DATASET RECORDS
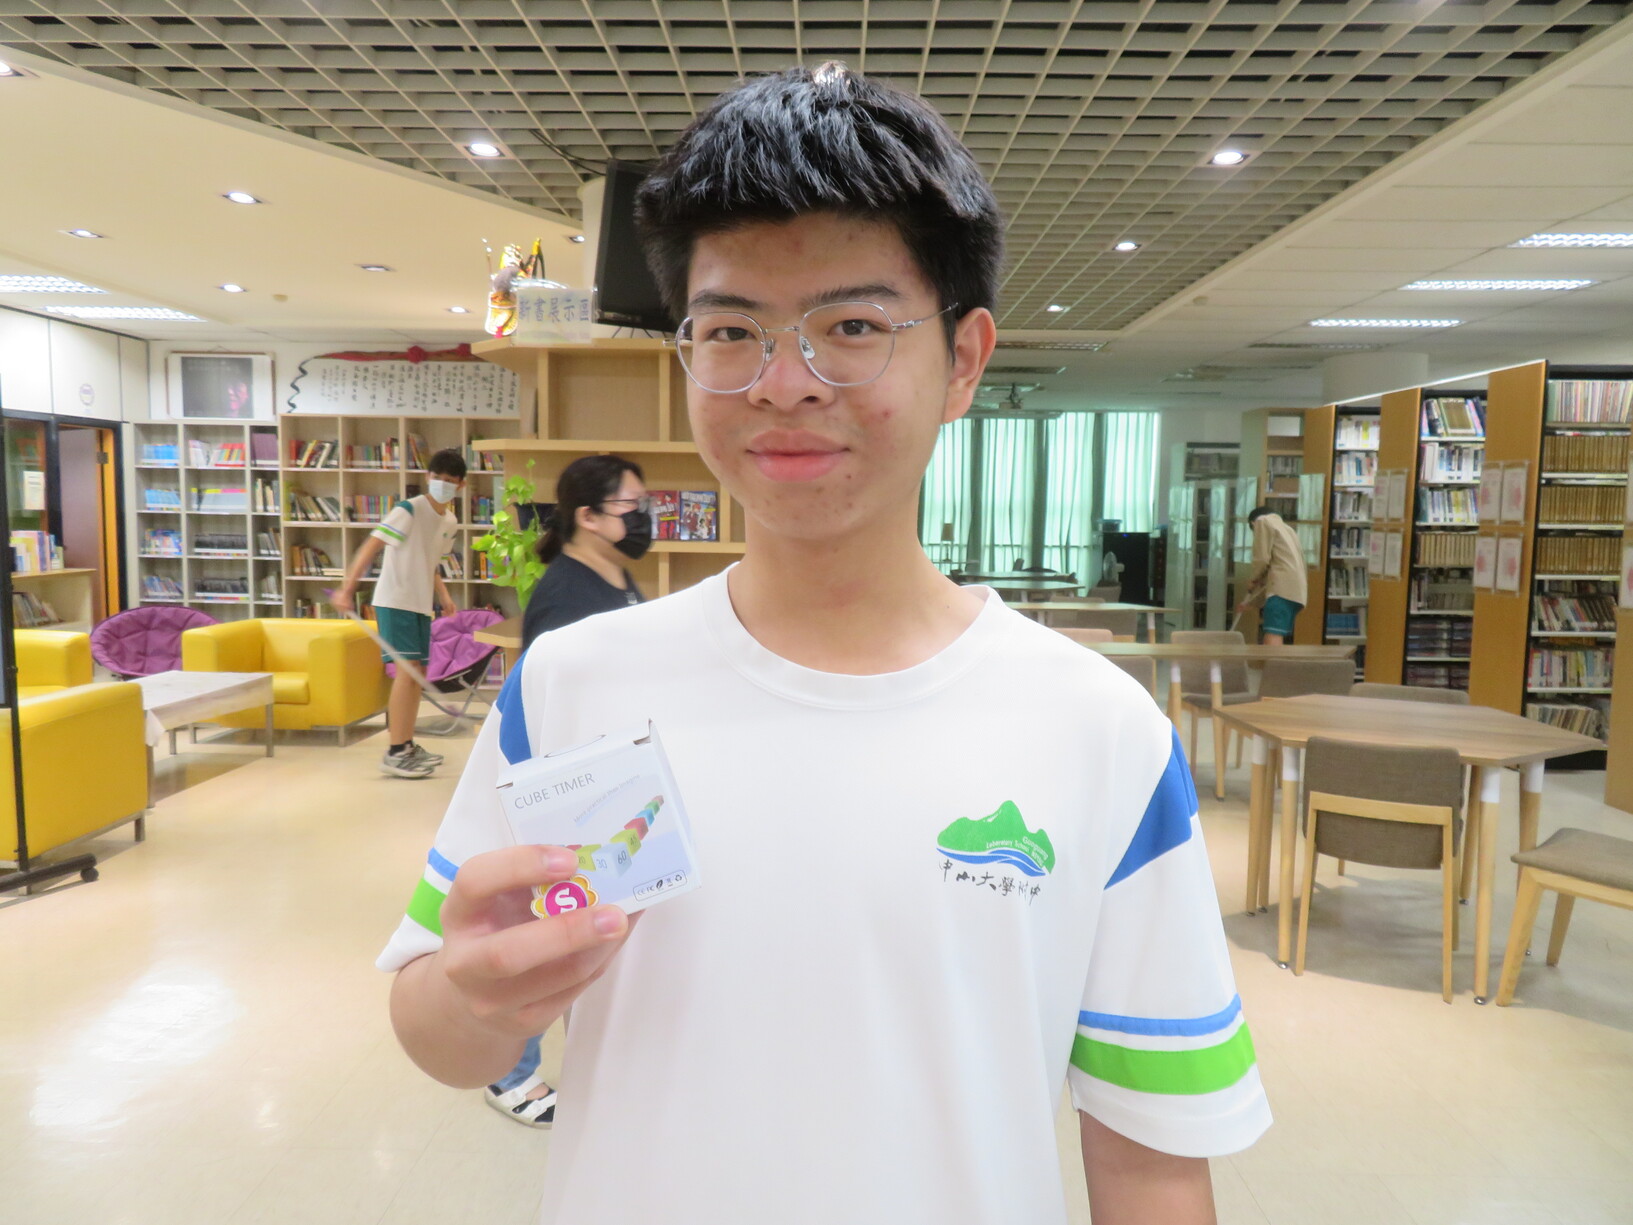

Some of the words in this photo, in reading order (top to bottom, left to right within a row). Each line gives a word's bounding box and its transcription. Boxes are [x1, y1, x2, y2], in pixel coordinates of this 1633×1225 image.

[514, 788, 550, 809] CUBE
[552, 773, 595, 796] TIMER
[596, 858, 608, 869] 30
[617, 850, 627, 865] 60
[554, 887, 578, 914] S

WHAT YOU ARE ASKED TO DO
Only the pictures are to be left out; copy all the remaining material above exactly.

COMPLETED TASK
Some of the words in this photo, in reading order (top to bottom, left to right within a row). Each line gives a word's bounding box and its transcription. Boxes are [x1, y1, x2, y2], in pixel coordinates of this 1633×1225 image.

[514, 788, 550, 809] CUBE
[552, 773, 595, 796] TIMER
[596, 858, 608, 869] 30
[617, 850, 627, 865] 60
[554, 887, 578, 914] S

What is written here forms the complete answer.